WORK INSTRUCTIONS | Without changing a single character, write out every record below.

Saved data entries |
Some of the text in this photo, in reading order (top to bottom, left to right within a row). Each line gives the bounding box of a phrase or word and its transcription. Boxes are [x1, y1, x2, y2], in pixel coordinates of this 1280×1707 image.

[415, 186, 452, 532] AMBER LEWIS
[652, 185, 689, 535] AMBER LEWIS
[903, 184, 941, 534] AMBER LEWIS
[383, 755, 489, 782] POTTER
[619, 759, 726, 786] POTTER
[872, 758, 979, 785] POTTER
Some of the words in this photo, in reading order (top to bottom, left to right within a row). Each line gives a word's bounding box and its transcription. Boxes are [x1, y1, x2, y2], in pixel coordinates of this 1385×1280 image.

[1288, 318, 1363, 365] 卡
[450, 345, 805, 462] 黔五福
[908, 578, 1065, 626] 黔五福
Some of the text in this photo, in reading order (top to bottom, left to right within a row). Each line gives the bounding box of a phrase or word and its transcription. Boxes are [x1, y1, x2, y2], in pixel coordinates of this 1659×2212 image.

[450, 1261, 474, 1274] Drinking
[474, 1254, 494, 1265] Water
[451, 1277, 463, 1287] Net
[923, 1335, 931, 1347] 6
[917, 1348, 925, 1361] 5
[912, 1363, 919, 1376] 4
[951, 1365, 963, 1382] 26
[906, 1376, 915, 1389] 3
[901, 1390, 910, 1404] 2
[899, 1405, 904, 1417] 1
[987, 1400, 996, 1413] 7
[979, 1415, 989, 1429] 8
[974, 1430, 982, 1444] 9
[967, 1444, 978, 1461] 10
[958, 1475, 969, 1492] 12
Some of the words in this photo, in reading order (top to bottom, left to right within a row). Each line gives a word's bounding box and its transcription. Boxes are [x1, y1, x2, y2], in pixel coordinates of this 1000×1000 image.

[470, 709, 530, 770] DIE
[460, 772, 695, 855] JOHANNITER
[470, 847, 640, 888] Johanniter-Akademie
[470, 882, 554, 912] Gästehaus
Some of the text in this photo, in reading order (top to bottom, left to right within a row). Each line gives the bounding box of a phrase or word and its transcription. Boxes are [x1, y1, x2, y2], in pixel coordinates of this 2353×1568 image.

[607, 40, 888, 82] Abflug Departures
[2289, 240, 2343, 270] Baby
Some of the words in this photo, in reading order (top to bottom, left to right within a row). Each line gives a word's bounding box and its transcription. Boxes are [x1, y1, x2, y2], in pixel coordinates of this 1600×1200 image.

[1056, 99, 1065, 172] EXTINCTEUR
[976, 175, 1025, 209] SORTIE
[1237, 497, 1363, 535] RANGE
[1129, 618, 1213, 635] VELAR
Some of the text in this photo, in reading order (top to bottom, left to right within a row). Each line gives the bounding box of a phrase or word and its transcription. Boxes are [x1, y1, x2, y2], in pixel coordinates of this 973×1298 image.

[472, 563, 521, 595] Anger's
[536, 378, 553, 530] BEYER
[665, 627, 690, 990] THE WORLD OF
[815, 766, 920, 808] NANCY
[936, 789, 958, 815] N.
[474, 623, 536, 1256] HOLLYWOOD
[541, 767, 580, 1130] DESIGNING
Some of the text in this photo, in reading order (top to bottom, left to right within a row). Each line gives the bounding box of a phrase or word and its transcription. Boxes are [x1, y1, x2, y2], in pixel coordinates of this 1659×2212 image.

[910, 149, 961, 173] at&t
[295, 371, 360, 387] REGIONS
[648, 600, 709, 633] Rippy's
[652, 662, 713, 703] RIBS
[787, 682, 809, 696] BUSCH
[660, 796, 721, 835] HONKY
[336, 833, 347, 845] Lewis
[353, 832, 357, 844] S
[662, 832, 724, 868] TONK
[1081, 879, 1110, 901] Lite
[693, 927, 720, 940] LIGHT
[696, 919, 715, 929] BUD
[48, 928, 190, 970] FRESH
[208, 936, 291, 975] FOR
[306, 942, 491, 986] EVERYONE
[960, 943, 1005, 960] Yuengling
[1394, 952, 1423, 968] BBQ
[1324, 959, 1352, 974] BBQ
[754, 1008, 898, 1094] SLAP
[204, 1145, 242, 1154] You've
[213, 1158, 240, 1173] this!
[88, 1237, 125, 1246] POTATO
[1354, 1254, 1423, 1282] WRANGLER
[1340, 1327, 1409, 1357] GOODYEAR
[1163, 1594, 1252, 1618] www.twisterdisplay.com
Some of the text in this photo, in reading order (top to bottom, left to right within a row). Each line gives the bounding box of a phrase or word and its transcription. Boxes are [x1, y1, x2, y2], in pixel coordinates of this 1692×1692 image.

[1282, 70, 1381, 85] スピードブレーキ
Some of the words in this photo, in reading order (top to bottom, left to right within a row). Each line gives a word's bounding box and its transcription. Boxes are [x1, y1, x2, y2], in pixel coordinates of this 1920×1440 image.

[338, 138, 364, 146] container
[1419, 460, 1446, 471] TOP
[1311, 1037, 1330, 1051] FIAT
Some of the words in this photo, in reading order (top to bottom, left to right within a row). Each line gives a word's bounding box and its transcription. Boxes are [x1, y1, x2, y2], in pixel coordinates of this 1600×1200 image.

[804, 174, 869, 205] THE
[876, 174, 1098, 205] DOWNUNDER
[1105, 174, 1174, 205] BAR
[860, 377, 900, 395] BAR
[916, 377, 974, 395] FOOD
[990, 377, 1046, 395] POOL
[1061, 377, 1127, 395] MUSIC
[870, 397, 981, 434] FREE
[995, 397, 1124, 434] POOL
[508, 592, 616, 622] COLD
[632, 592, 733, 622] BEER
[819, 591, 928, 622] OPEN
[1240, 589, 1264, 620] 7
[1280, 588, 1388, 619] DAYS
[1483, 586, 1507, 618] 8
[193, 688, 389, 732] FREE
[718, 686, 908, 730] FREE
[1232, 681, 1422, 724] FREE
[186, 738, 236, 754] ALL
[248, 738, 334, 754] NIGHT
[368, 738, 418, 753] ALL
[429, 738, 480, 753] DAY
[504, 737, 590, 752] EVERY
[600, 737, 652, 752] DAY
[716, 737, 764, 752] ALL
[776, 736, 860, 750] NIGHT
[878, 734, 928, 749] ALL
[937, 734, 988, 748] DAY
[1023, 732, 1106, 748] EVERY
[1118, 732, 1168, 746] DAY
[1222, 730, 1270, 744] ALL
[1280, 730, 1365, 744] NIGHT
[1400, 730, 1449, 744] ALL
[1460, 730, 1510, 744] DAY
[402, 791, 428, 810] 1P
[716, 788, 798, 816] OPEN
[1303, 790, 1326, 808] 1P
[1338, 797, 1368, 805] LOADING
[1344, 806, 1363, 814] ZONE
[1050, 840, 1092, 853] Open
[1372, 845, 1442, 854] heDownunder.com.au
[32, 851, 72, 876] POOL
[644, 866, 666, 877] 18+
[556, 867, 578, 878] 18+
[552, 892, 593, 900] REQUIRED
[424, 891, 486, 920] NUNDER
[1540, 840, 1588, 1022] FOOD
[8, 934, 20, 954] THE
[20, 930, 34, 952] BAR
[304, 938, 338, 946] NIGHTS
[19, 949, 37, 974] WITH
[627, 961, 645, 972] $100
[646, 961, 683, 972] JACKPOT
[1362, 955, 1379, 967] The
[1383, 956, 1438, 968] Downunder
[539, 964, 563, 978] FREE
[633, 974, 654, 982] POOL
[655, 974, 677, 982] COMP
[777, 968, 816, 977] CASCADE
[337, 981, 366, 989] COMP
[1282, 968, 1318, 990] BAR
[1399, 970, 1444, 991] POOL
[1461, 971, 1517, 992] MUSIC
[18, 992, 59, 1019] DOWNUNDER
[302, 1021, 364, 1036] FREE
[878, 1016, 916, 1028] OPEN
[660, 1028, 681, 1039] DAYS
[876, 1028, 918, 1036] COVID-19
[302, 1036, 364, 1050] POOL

SOLUTION TO THIS PROBLEM |
Some of the text in this photo, in reading order (top to bottom, left to right within a row). Each line gives the bounding box of a phrase or word and its transcription. Boxes are [x1, y1, x2, y2], in pixel coordinates of this 1280×1707 image.

[415, 186, 452, 532] AMBER LEWIS
[652, 185, 689, 535] AMBER LEWIS
[903, 184, 941, 534] AMBER LEWIS
[383, 755, 489, 782] POTTER
[619, 759, 726, 786] POTTER
[872, 758, 979, 785] POTTER
Some of the words in this photo, in reading order (top to bottom, left to right within a row). Each line gives a word's bounding box and its transcription. Boxes are [x1, y1, x2, y2], in pixel coordinates of this 1385×1280 image.

[1288, 318, 1363, 365] 卡
[450, 345, 805, 462] 黔五福
[908, 578, 1065, 626] 黔五福
Some of the text in this photo, in reading order (top to bottom, left to right within a row). Each line gives the bounding box of a phrase or word and its transcription. Boxes are [x1, y1, x2, y2], in pixel coordinates of this 1659×2212 image.

[450, 1261, 474, 1274] Drinking
[474, 1254, 494, 1265] Water
[451, 1277, 463, 1287] Net
[923, 1335, 931, 1347] 6
[917, 1348, 925, 1361] 5
[912, 1363, 919, 1376] 4
[951, 1365, 963, 1382] 26
[906, 1376, 915, 1389] 3
[901, 1390, 910, 1404] 2
[899, 1405, 904, 1417] 1
[987, 1400, 996, 1413] 7
[979, 1415, 989, 1429] 8
[974, 1430, 982, 1444] 9
[967, 1444, 978, 1461] 10
[958, 1475, 969, 1492] 12
Some of the words in this photo, in reading order (top to bottom, left to right within a row). Each line gives a word's bounding box and its transcription. Boxes are [x1, y1, x2, y2], in pixel coordinates of this 1000×1000 image.

[470, 709, 530, 770] DIE
[460, 772, 695, 855] JOHANNITER
[470, 847, 640, 888] Johanniter-Akademie
[470, 882, 554, 912] Gästehaus
Some of the text in this photo, in reading order (top to bottom, left to right within a row). Each line gives the bounding box of a phrase or word and its transcription. Boxes are [x1, y1, x2, y2], in pixel coordinates of this 2353×1568 image.

[607, 40, 888, 82] Abflug Departures
[2289, 240, 2343, 270] Baby
Some of the words in this photo, in reading order (top to bottom, left to right within a row). Each line gives a word's bounding box and its transcription. Boxes are [x1, y1, x2, y2], in pixel coordinates of this 1600×1200 image.

[1056, 99, 1065, 172] EXTINCTEUR
[976, 175, 1025, 209] SORTIE
[1237, 497, 1363, 535] RANGE
[1129, 618, 1213, 635] VELAR
Some of the text in this photo, in reading order (top to bottom, left to right within a row). Each line gives the bounding box of a phrase or word and its transcription. Boxes are [x1, y1, x2, y2], in pixel coordinates of this 973×1298 image.

[472, 563, 521, 595] Anger's
[536, 378, 553, 530] BEYER
[665, 627, 690, 990] THE WORLD OF
[815, 766, 920, 808] NANCY
[936, 789, 958, 815] N.
[474, 623, 536, 1256] HOLLYWOOD
[541, 767, 580, 1130] DESIGNING
Some of the text in this photo, in reading order (top to bottom, left to right within a row). Each line gives the bounding box of a phrase or word and its transcription. Boxes are [x1, y1, x2, y2], in pixel coordinates of this 1659×2212 image.

[910, 149, 961, 173] at&t
[295, 371, 360, 387] REGIONS
[648, 600, 709, 633] Rippy's
[652, 662, 713, 703] RIBS
[787, 682, 809, 696] BUSCH
[660, 796, 721, 835] HONKY
[336, 833, 347, 845] Lewis
[353, 832, 357, 844] S
[662, 832, 724, 868] TONK
[1081, 879, 1110, 901] Lite
[693, 927, 720, 940] LIGHT
[696, 919, 715, 929] BUD
[48, 928, 190, 970] FRESH
[208, 936, 291, 975] FOR
[306, 942, 491, 986] EVERYONE
[960, 943, 1005, 960] Yuengling
[1394, 952, 1423, 968] BBQ
[1324, 959, 1352, 974] BBQ
[754, 1008, 898, 1094] SLAP
[204, 1145, 242, 1154] You've
[213, 1158, 240, 1173] this!
[88, 1237, 125, 1246] POTATO
[1354, 1254, 1423, 1282] WRANGLER
[1340, 1327, 1409, 1357] GOODYEAR
[1163, 1594, 1252, 1618] www.twisterdisplay.com
Some of the text in this photo, in reading order (top to bottom, left to right within a row). Each line gives the bounding box of a phrase or word and its transcription. Boxes are [x1, y1, x2, y2], in pixel coordinates of this 1692×1692 image.

[1282, 70, 1381, 85] スピードブレーキ
Some of the words in this photo, in reading order (top to bottom, left to right within a row). Each line gives a word's bounding box and its transcription. Boxes are [x1, y1, x2, y2], in pixel coordinates of this 1920×1440 image.

[338, 138, 364, 146] container
[1419, 460, 1446, 471] TOP
[1311, 1037, 1330, 1051] FIAT
Some of the words in this photo, in reading order (top to bottom, left to right within a row). Each line gives a word's bounding box and its transcription. Boxes are [x1, y1, x2, y2], in pixel coordinates of this 1600×1200 image.

[804, 174, 869, 205] THE
[876, 174, 1098, 205] DOWNUNDER
[1105, 174, 1174, 205] BAR
[860, 377, 900, 395] BAR
[916, 377, 974, 395] FOOD
[990, 377, 1046, 395] POOL
[1061, 377, 1127, 395] MUSIC
[870, 397, 981, 434] FREE
[995, 397, 1124, 434] POOL
[508, 592, 616, 622] COLD
[632, 592, 733, 622] BEER
[819, 591, 928, 622] OPEN
[1240, 589, 1264, 620] 7
[1280, 588, 1388, 619] DAYS
[1483, 586, 1507, 618] 8
[193, 688, 389, 732] FREE
[718, 686, 908, 730] FREE
[1232, 681, 1422, 724] FREE
[186, 738, 236, 754] ALL
[248, 738, 334, 754] NIGHT
[368, 738, 418, 753] ALL
[429, 738, 480, 753] DAY
[504, 737, 590, 752] EVERY
[600, 737, 652, 752] DAY
[716, 737, 764, 752] ALL
[776, 736, 860, 750] NIGHT
[878, 734, 928, 749] ALL
[937, 734, 988, 748] DAY
[1023, 732, 1106, 748] EVERY
[1118, 732, 1168, 746] DAY
[1222, 730, 1270, 744] ALL
[1280, 730, 1365, 744] NIGHT
[1400, 730, 1449, 744] ALL
[1460, 730, 1510, 744] DAY
[402, 791, 428, 810] 1P
[716, 788, 798, 816] OPEN
[1303, 790, 1326, 808] 1P
[1338, 797, 1368, 805] LOADING
[1344, 806, 1363, 814] ZONE
[1050, 840, 1092, 853] Open
[1372, 845, 1442, 854] heDownunder.com.au
[32, 851, 72, 876] POOL
[644, 866, 666, 877] 18+
[556, 867, 578, 878] 18+
[552, 892, 593, 900] REQUIRED
[424, 891, 486, 920] NUNDER
[1540, 840, 1588, 1022] FOOD
[8, 934, 20, 954] THE
[20, 930, 34, 952] BAR
[304, 938, 338, 946] NIGHTS
[19, 949, 37, 974] WITH
[627, 961, 645, 972] $100
[646, 961, 683, 972] JACKPOT
[1362, 955, 1379, 967] The
[1383, 956, 1438, 968] Downunder
[539, 964, 563, 978] FREE
[633, 974, 654, 982] POOL
[655, 974, 677, 982] COMP
[777, 968, 816, 977] CASCADE
[337, 981, 366, 989] COMP
[1282, 968, 1318, 990] BAR
[1399, 970, 1444, 991] POOL
[1461, 971, 1517, 992] MUSIC
[18, 992, 59, 1019] DOWNUNDER
[302, 1021, 364, 1036] FREE
[878, 1016, 916, 1028] OPEN
[660, 1028, 681, 1039] DAYS
[876, 1028, 918, 1036] COVID-19
[302, 1036, 364, 1050] POOL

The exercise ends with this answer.